U.S. NAVY NURSE CORPS HARD SHOULDER BOARDS

If William Howard Taft, the President who signed the legislation that authorized the creation of the United States Navy Nurse Corps in 1908, could have peered down the corridors of the future and saw the countless acts of kindness, courage, self-sacrifice, and devotion to duty that its members would consistently display, he might have taken a few extra seconds to scan the historic document before putting pen to paper.

You see, the bill that Taft signed authorized the establishment of the Nurse Corps—but it didn’t provide them with a place to live or with food to eat.

But the twenty women selected as the first members of the Nurse Corps did not, to paraphrase a line of dialogue from a famous movie, rely on "the kindness of strangers” to take care of these basic needs.

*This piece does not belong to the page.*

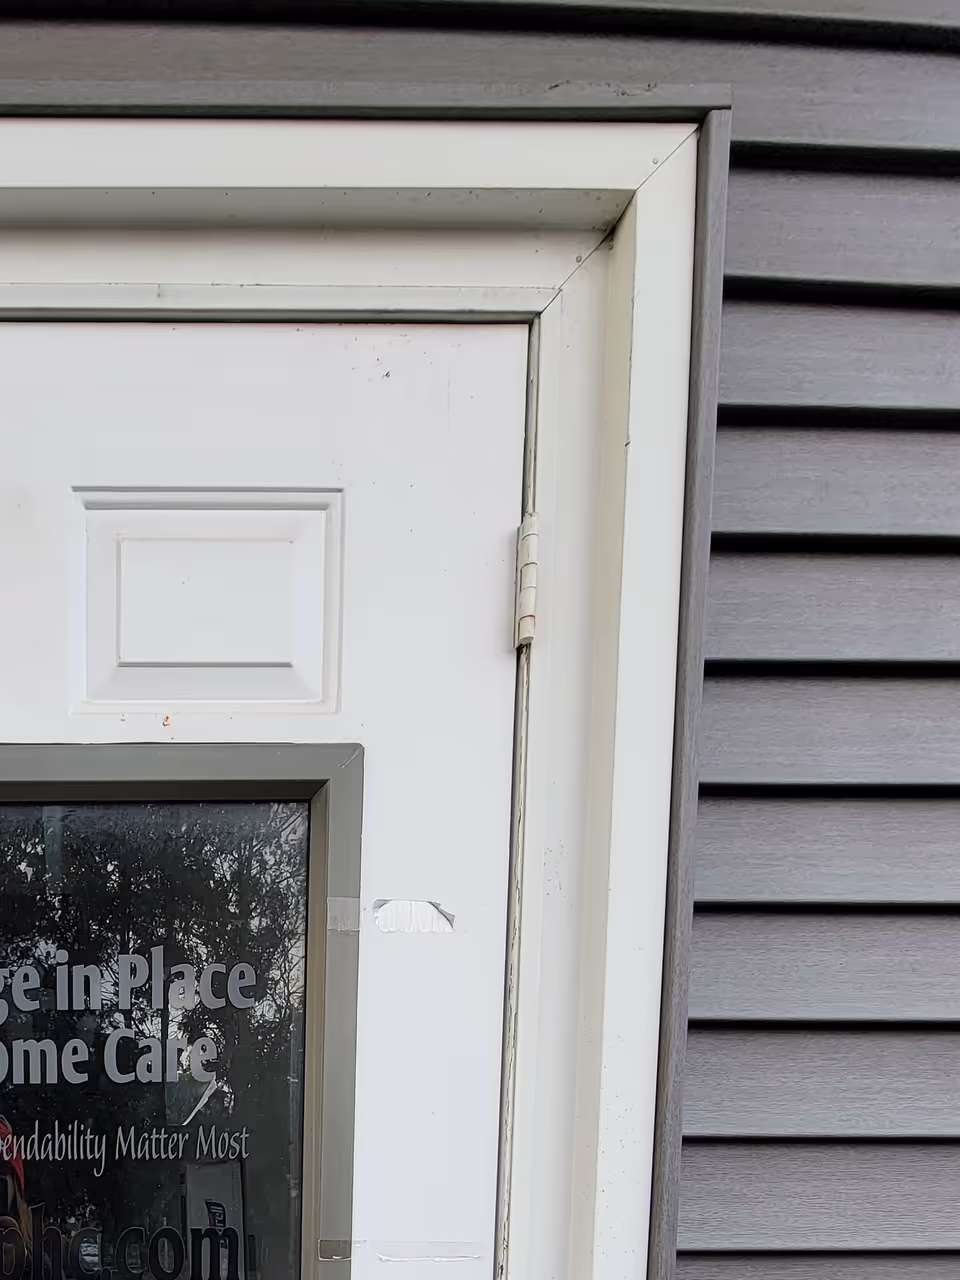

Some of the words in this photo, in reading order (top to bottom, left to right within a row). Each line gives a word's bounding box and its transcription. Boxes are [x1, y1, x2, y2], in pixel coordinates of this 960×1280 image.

Instead, Superintendent Esther Voorhees Hasson and her fellow Nurses took matters into their own hands, renting out a house to serve as their quarters and convert the kitchen into a mess hall. This dedicated group eventually earned the nickname the “Sacred Twenty,” and from these humble beginnings the Nurse Corps expanded at a rate that even they could have scarcely foreseen.

Just two years after the Corps was founded, its members were being sent to far-flung locales such as the Philippines, Samoa, Guam, Yokohama, Cuba, and the Virgin Islands—this at a time when a woman’s place was almost universally considered to be in the home. As World War I drew to a close, nearly 1,400 Nurses had served their country during its most deadly international conflict up to that point in time.

With the end of the Great War and the subsequent drastic reduction in the size of the Navy, the number of Nurses in the Corps also fell dramatically. Just a year before the outbreak of the Second World War, the number of Nurses was less than 430. By the time the war drew to its conclusion, the Corps size had ballooned astronomically to over 11,000 officers (Regular Navy and Reservists on active duty). They served stateside at 40 Naval hospitals, over 175 dispensaries, and also at six schools for Hospital Corpsmen. On the front lines, they were stationed on a dozen hospital ships and deployed to operational areas across both the Atlantic and Pacific Theater: the Aleutians, Bermuda, New Guinea, Australia, New Guinea, Newfoundland, Africa, the Panama Canal zone, Cuba, the Russell Islands, the Solomons, Hawaii, and England, to name a few.

Women against answered the call of duty when war broke out on the Korean Peninsula in 1950. At the height of the fighting, some 3200-plus Nurses were stationed on three ships stationed off the Korean coast serving as station hospitals. It was not until 1965, during the early days of the Vietnam War, that men were allowed to join the Navy Nurse Corps, and they showed the same compassions and unswerving commitment to helping others that had become the hallmark of the Corps.

Today, men and women alike stand side by side in the Navy Corps, augmenting doctors and Corpsmen to form one of the most effective and skilled medical forces—military or civilian—in the world today.